What, then, is an impact center, generally, and what might such a center do for our community?

“I like to start any explanation with people in the community on this topic by asking: ‘Does everybody know what a community center is,’ and when heads begin to nod, I say: ‘Well, this is different,’” said Alicia Dicks, president/CEO of The Community Foundation. “For a lot of us, ‘community center’ in the past meant a place with recreational spaces—a gym, maybe a pool—and meeting rooms, but the impact center concept is much more than that.”

One of the reasons the concept is hard to describe definitively is the one-size-doesn’t-fit-all nature of impact centers. Since they’re tailored to meet the needs of specific communities and neighborhoods, their offerings vary widely. But as a concept, the impact center idea that The Community Foundation is exploring can be described as a multi-agency, multi-partner center that provides a range of services aimed at meeting the needs of a particular area, community or neighborhood.

“We began exploring this concept with our Trustees in 2016, and within a matter of months the discussion moved from generalities to some specific potential sites,” Dicks said. “The Board was intrigued by the idea of delivering services in a much more ‘impactful’ way than traditional grantmaking.”

Impact centers could benefit multiple communities across Herkimer and Oneida counties and The Community Foundation has been supporting several models in Sherrill, Old Forge and Herkimer, among others. In 2017, The Community Foundation collaborated with Herkimer County HealthNet in creating a feasibility study for an impact center in southern Herkimer County. During the same time, staff worked with the Town of Webb Health Center Fund to create a feasibility study for an impact center in the Town of Webb. Both studies showed high community interest in having a local impact center.

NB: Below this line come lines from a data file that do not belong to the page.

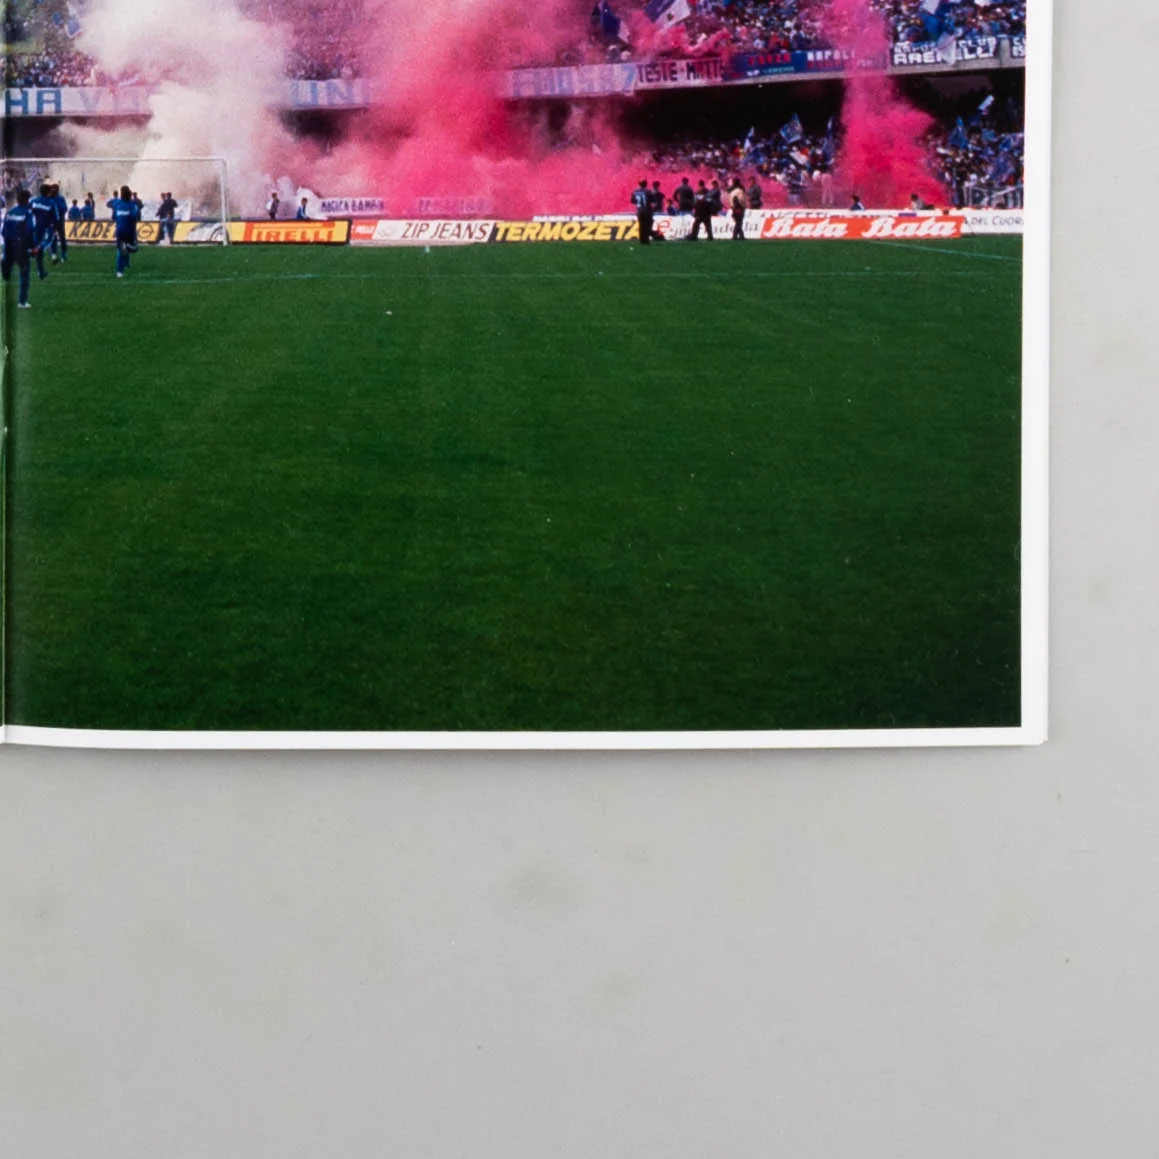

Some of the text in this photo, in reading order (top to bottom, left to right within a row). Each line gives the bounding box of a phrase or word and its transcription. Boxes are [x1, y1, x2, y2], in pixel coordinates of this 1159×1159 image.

[242, 221, 336, 242] PIRELLI
[401, 222, 490, 240] ZIP JEANS
[494, 220, 640, 241] TERMOZETA
[762, 215, 848, 238] Bata
[861, 215, 957, 238] Bata
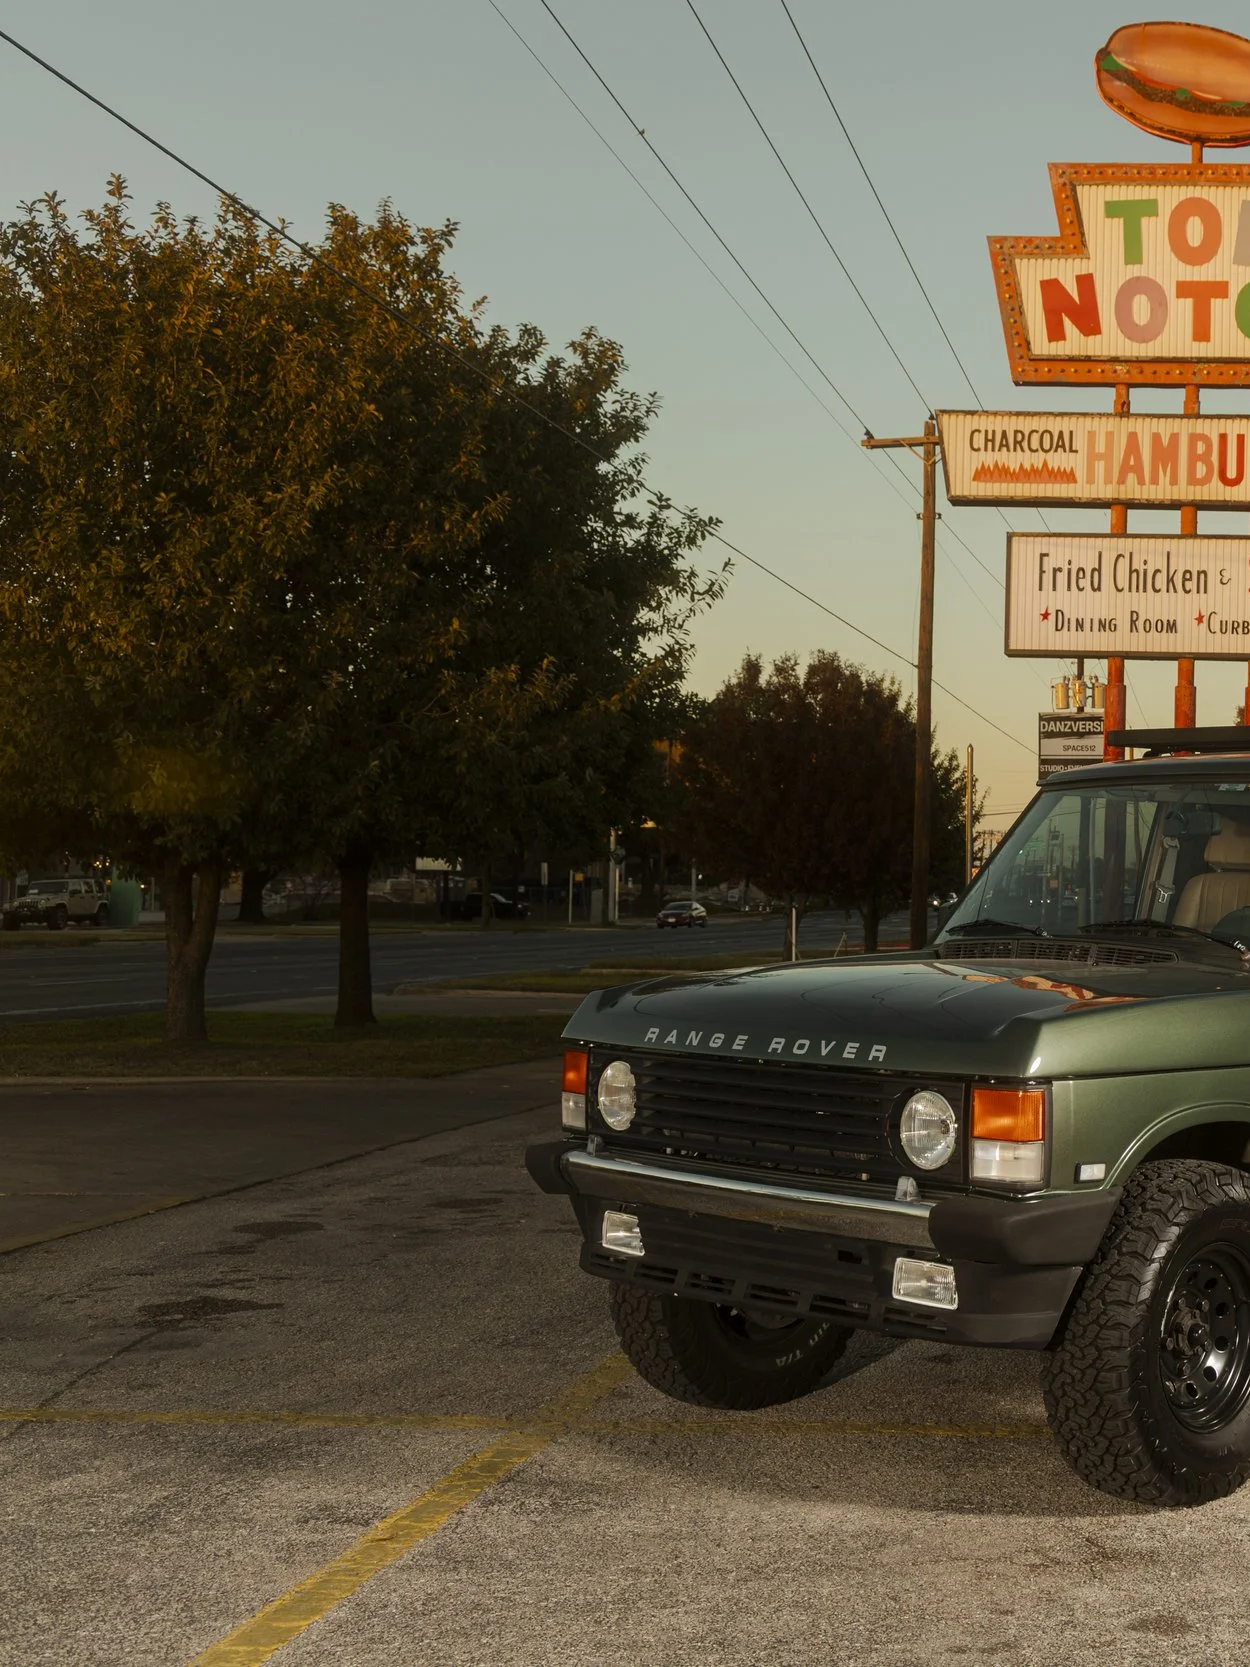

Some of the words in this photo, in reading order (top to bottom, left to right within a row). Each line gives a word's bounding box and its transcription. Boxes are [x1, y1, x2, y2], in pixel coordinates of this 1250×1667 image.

[969, 428, 1079, 454] CHARCOAL
[1038, 550, 1102, 592] Fried
[1113, 550, 1208, 594] Chicken
[1219, 568, 1232, 586] &
[1054, 609, 1117, 633] DINING
[1129, 610, 1178, 634] ROOM
[1207, 611, 1250, 635] CURB
[1062, 744, 1096, 752] SPACE512
[644, 1027, 749, 1050] RANGE
[767, 1037, 888, 1062] ROVER

In Utica, Community Foundation Trustees and staff have made multiple visits to inner-city neighborhoods, walking the streets, talking with residents, elected officials, agency heads and advocates. As the largest population center in the two counties, Utica also presents the biggest challenges. As demonstrated by government and other source data, its Cornhill and West Utica neighborhoods—often described as “service deserts”—suffer from a full range of socioeconomic, housing, health and other societal ills.

“As we explored the concept through the lens of Utica, the idea that our first impact center could be a kind of pilot project for the area began to take hold,” Dicks said. “Success in the neighborhood of greatest need could provide a template for impact centers elsewhere in our two counties.”

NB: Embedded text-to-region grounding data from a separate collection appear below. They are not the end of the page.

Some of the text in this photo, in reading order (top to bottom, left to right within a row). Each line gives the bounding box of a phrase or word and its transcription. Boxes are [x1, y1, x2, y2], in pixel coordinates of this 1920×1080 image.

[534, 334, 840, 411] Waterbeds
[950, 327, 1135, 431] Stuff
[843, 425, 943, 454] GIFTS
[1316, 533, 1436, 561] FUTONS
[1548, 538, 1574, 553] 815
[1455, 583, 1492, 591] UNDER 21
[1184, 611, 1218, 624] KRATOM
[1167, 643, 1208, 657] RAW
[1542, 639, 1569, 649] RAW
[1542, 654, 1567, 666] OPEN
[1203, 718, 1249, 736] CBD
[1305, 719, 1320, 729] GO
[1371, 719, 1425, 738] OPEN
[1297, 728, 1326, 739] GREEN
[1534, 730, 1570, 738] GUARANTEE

After looking at several potential sites, The Community Foundation became aware in 2018 that the City of Utica had assumed ownership of part of the former Utica Free Academy (UFA). The prospect of returning a long-vacant building to life plus the structure’s great potential combined to move it to the top of the list.

“The vacant part of the old UFA is familiar to many in the neighborhood as the Cosmopolitan Center’s last location,” said Joe Wicks, Community Foundation special projects manager. “With three floors including a full gym, there’s plenty of space for an impact center, but the building has deteriorated somewhat since it fell into disuse.”

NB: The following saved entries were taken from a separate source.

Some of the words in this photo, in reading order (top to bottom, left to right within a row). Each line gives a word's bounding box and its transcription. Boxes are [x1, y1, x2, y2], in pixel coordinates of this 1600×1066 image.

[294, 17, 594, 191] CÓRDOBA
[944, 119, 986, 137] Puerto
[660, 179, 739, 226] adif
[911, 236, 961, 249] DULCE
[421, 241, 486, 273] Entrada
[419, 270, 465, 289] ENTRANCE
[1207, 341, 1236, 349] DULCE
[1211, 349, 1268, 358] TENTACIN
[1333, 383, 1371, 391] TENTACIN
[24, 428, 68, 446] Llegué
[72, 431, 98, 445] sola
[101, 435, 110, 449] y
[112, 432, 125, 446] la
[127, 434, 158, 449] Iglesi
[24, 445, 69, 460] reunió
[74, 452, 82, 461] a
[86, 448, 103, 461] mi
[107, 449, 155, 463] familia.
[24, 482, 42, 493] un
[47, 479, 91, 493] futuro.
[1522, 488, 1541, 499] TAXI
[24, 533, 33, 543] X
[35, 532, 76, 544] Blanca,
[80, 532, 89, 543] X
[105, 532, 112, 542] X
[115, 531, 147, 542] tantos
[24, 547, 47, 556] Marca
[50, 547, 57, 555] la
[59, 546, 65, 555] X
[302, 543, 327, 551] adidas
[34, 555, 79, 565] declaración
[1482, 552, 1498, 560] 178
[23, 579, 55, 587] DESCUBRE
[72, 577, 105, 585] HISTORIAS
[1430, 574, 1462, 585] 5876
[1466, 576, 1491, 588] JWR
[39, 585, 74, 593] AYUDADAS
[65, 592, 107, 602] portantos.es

Encouraged by the former UFA’s potential, the Board of Trustees approved up to $100,000 to fund a feasibility study that will simultaneously explore the building’s physical challenges and limitations, as well as its suitability for an envisioned impact center, in partnership with the City of Utica and Oneida County. And the project’s next steps will be guided in great part by the feasibility study’s determinations.

“We’re excited, but we’re realistic,” Dicks said. “To make this happen, The Community Foundation is looking at leading a multiple-year commitment with many partners—city, county, neighborhood residents, nonprofits—we will lead this effort, but we’re not doing it alone. And that’s why we’re engaging with people who live near the building, as well as residents of the whole neighborhood. A successful impact center could help transform a part of the community, but only if residents feel like it’s their center.”